Soy una privilegiada que, poco a poco, mejoro el aprecio a los privilegios que subsisten y a aquellos que descubro con el tiempo. Disfruto más que nunca cuando tengo unos minutos con un amigo, una comida, una cerveza y una conversación. Me despierto y levanto la persiana. Qué bien, llueve. Qué bien, hace sol. Qué bien, me he despertado y he descubierto un hogar. Tengo sábanas de las que desenredarme y cama de la que salir para dirigirme a la ventana y sorprender un nuevo día. Estas cosas las pienso mientras mi mente también disfruta de otras. Qué aprenderé hoy, a quién me cruzaré hoy, qué me sorprenderá hoy.

Pero lo que más disfruto, lo que me agrada profundamente, es cuando, atardeciendo ya, salgo a la aira de nuestra casa de Galicia, en la que tengo el privilegio de pasar veranos, bueno, e inviernos, y me dispongo a realizar la privilegiada ceremonia de retirar la ropa limpia que durante el día se ha ido secando en el tendedero. Primero de todo miro a mí alrededor. Galicia, verde, exuberante, natural. Qué suerte, está nublado, mañana estará todo regado de un maravilloso olor a naturaleza húmeda. O qué suerte, el cielo está limpio, se ve la luna.
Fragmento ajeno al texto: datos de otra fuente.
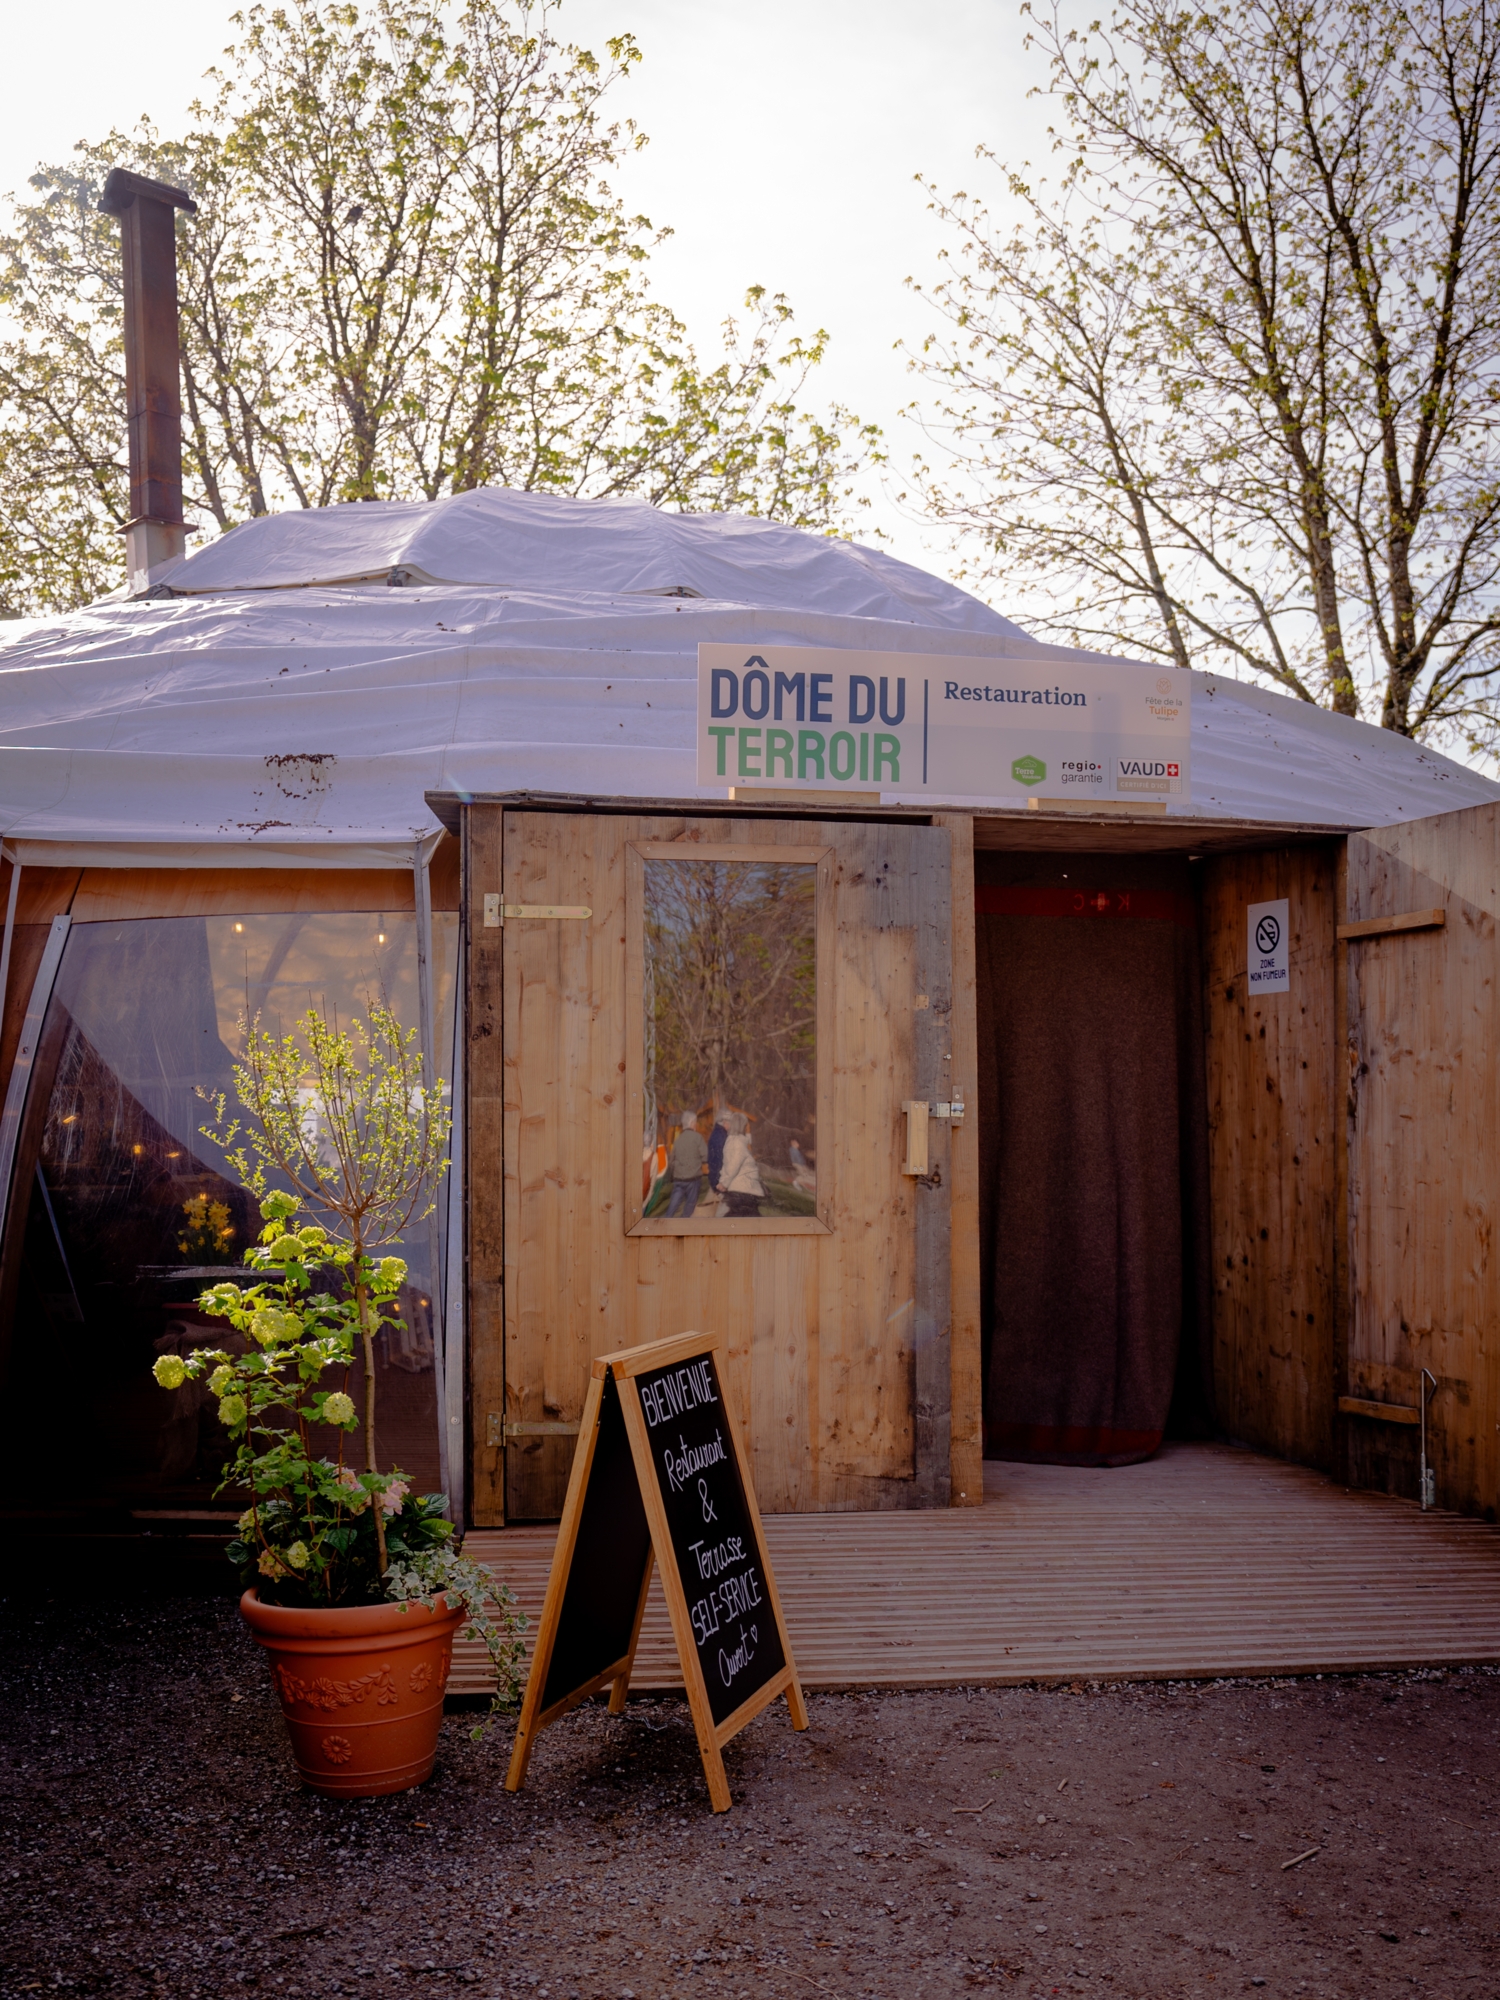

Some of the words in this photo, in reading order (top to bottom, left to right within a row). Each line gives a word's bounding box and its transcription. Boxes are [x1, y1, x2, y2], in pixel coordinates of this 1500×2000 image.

[711, 655, 833, 723] DÔME
[848, 674, 906, 726] DU
[944, 681, 1087, 706] Restauration
[1145, 696, 1162, 706] Fête
[1163, 698, 1174, 706] de
[1175, 699, 1183, 707] la
[1149, 705, 1179, 717] Tulipe
[708, 726, 901, 783] TERROIR
[1015, 767, 1035, 775] Terre
[1061, 773, 1103, 784] garantie
[1120, 761, 1166, 776] VAUD
[1250, 971, 1262, 982] NON
[1263, 969, 1286, 981] FUMEUR
[1260, 958, 1275, 969] ZONE
[641, 1360, 718, 1427] BIENVENUE
[664, 1428, 727, 1492] Restaurant
[698, 1478, 718, 1523] &
[688, 1536, 747, 1580] Terrasse
[691, 1567, 762, 1646] SELF-SERVICE
¿Y tú qué vas a saber de la Luna si solo te fijas en las estrellas?


De modo que, lentamente, disfrutandolo, quito las pinzas y las pongo en su bolsa, que cuelga de la rama de cualquier árbol cercano; agarro las piezas de tela y las abrazo, hundo el rostro en su tacto cariñoso y aspiro el perfume del jabón. Me quedo un rato así. De niña mi abuela me mostró lo que era abrazar una prenda a la que el sol y el aire habían hecho justicia; en aquellas lomas anchas, doradas por el sol, la sombra no era presencia permanente, y la ropa limpia siempre estaba ardiente. Este aroma, este tacto, del que conseguí gozar con el paso del tiempo, me recuerdan que pudo no haberse conseguido, que pudo, como a muchos, no haberme deleitado. O haber regresado tarde a él. Como ha ocurrido a tantos a lo largo del tiempo, como está ocurriendo, por desgracia, muchos se abandonan y, quizás, cuando vuelven, es tarde. O por lo menos, tiempo perdido.

Me quedo un rato abrazada a la ropa limpia, contemplando las estrellas o su ausencia, disfrutando de mi privilegio. De ese atardecer empapado de un fantástico olor a jabón.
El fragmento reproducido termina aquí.